### EXERCISE DETAILS
Write every record out again exactly as given.

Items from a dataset
------------------------------

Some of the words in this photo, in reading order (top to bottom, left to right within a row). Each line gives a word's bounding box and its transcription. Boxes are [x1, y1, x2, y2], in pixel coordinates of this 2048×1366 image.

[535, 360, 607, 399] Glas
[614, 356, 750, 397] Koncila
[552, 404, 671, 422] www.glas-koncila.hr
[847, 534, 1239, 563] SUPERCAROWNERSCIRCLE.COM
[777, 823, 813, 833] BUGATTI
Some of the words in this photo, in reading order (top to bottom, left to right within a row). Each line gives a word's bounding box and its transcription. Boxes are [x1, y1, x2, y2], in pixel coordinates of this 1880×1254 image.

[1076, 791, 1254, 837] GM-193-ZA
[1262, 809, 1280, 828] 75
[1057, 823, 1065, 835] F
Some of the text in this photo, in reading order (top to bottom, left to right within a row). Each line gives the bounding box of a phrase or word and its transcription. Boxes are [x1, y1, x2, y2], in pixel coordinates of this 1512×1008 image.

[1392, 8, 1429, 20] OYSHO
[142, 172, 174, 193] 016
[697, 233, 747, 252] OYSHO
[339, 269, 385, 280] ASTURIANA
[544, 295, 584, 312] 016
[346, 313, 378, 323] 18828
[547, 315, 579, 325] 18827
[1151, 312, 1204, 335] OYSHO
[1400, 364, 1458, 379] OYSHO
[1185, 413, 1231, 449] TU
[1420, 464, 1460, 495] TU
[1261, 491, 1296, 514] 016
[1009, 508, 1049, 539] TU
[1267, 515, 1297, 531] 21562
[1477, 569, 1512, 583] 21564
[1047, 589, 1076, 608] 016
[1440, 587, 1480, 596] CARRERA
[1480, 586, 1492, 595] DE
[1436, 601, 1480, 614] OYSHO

------------------------------

### WRITTEN ANSWER
Some of the words in this photo, in reading order (top to bottom, left to right within a row). Each line gives a word's bounding box and its transcription. Boxes are [x1, y1, x2, y2], in pixel coordinates of this 2048×1366 image.

[535, 360, 607, 399] Glas
[614, 356, 750, 397] Koncila
[552, 404, 671, 422] www.glas-koncila.hr
[847, 534, 1239, 563] SUPERCAROWNERSCIRCLE.COM
[777, 823, 813, 833] BUGATTI
Some of the words in this photo, in reading order (top to bottom, left to right within a row). Each line gives a word's bounding box and its transcription. Boxes are [x1, y1, x2, y2], in pixel coordinates of this 1880×1254 image.

[1076, 791, 1254, 837] GM-193-ZA
[1262, 809, 1280, 828] 75
[1057, 823, 1065, 835] F
Some of the text in this photo, in reading order (top to bottom, left to right within a row). Each line gives the bounding box of a phrase or word and its transcription. Boxes are [x1, y1, x2, y2], in pixel coordinates of this 1512×1008 image.

[1392, 8, 1429, 20] OYSHO
[142, 172, 174, 193] 016
[697, 233, 747, 252] OYSHO
[339, 269, 385, 280] ASTURIANA
[544, 295, 584, 312] 016
[346, 313, 378, 323] 18828
[547, 315, 579, 325] 18827
[1151, 312, 1204, 335] OYSHO
[1400, 364, 1458, 379] OYSHO
[1185, 413, 1231, 449] TU
[1420, 464, 1460, 495] TU
[1261, 491, 1296, 514] 016
[1009, 508, 1049, 539] TU
[1267, 515, 1297, 531] 21562
[1477, 569, 1512, 583] 21564
[1047, 589, 1076, 608] 016
[1440, 587, 1480, 596] CARRERA
[1480, 586, 1492, 595] DE
[1436, 601, 1480, 614] OYSHO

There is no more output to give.